Repeat the data that follows, keeping every character intact.

SUPPLIED MATERIAL Block Start

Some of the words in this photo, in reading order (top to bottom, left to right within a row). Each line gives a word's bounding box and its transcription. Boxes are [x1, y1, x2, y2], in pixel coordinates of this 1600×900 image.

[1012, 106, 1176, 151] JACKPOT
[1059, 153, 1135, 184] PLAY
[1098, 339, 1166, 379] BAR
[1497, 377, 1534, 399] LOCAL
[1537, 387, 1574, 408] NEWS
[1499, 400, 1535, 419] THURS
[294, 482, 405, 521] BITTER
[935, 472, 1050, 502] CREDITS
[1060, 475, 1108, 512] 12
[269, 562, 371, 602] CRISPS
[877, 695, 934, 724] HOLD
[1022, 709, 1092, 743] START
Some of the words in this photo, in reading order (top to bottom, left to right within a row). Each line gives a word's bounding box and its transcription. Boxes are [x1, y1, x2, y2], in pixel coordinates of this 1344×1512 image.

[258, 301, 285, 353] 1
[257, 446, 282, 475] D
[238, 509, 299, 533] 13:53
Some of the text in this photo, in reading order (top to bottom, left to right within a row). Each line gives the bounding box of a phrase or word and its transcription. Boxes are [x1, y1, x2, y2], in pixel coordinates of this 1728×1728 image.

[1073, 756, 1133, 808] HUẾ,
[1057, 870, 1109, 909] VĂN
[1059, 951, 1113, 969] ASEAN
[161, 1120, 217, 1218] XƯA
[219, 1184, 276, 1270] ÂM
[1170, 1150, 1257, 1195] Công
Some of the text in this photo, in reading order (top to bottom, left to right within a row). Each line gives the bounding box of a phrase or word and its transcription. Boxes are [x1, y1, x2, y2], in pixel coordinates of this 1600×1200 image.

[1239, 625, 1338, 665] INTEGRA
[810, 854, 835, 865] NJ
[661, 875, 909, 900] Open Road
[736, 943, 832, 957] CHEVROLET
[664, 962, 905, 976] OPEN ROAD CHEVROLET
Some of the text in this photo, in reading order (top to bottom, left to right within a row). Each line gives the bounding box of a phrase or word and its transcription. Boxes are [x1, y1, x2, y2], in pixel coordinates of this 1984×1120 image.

SUPPLIED MATERIAL Block End

- RESPONSE AREA -
Some of the words in this photo, in reading order (top to bottom, left to right within a row). Each line gives a word's bounding box and its transcription. Boxes are [x1, y1, x2, y2], in pixel coordinates of this 1600×900 image.

[1012, 106, 1176, 151] JACKPOT
[1059, 153, 1135, 184] PLAY
[1098, 339, 1166, 379] BAR
[1497, 377, 1534, 399] LOCAL
[1537, 387, 1574, 408] NEWS
[1499, 400, 1535, 419] THURS
[294, 482, 405, 521] BITTER
[935, 472, 1050, 502] CREDITS
[1060, 475, 1108, 512] 12
[269, 562, 371, 602] CRISPS
[877, 695, 934, 724] HOLD
[1022, 709, 1092, 743] START
Some of the words in this photo, in reading order (top to bottom, left to right within a row). Each line gives a word's bounding box and its transcription. Boxes are [x1, y1, x2, y2], in pixel coordinates of this 1344×1512 image.

[258, 301, 285, 353] 1
[257, 446, 282, 475] D
[238, 509, 299, 533] 13:53
Some of the text in this photo, in reading order (top to bottom, left to right within a row). Each line gives the bounding box of a phrase or word and its transcription. Boxes are [x1, y1, x2, y2], in pixel coordinates of this 1728×1728 image.

[1073, 756, 1133, 808] HUẾ,
[1057, 870, 1109, 909] VĂN
[1059, 951, 1113, 969] ASEAN
[161, 1120, 217, 1218] XƯA
[219, 1184, 276, 1270] ÂM
[1170, 1150, 1257, 1195] Công
Some of the text in this photo, in reading order (top to bottom, left to right within a row). Each line gives the bounding box of a phrase or word and its transcription. Boxes are [x1, y1, x2, y2], in pixel coordinates of this 1600×1200 image.

[1239, 625, 1338, 665] INTEGRA
[810, 854, 835, 865] NJ
[661, 875, 909, 900] Open Road
[736, 943, 832, 957] CHEVROLET
[664, 962, 905, 976] OPEN ROAD CHEVROLET
Some of the text in this photo, in reading order (top to bottom, left to right within a row). Each line gives the bounding box of a phrase or word and its transcription. Boxes are [x1, y1, x2, y2], in pixel coordinates of this 1984×1120 image.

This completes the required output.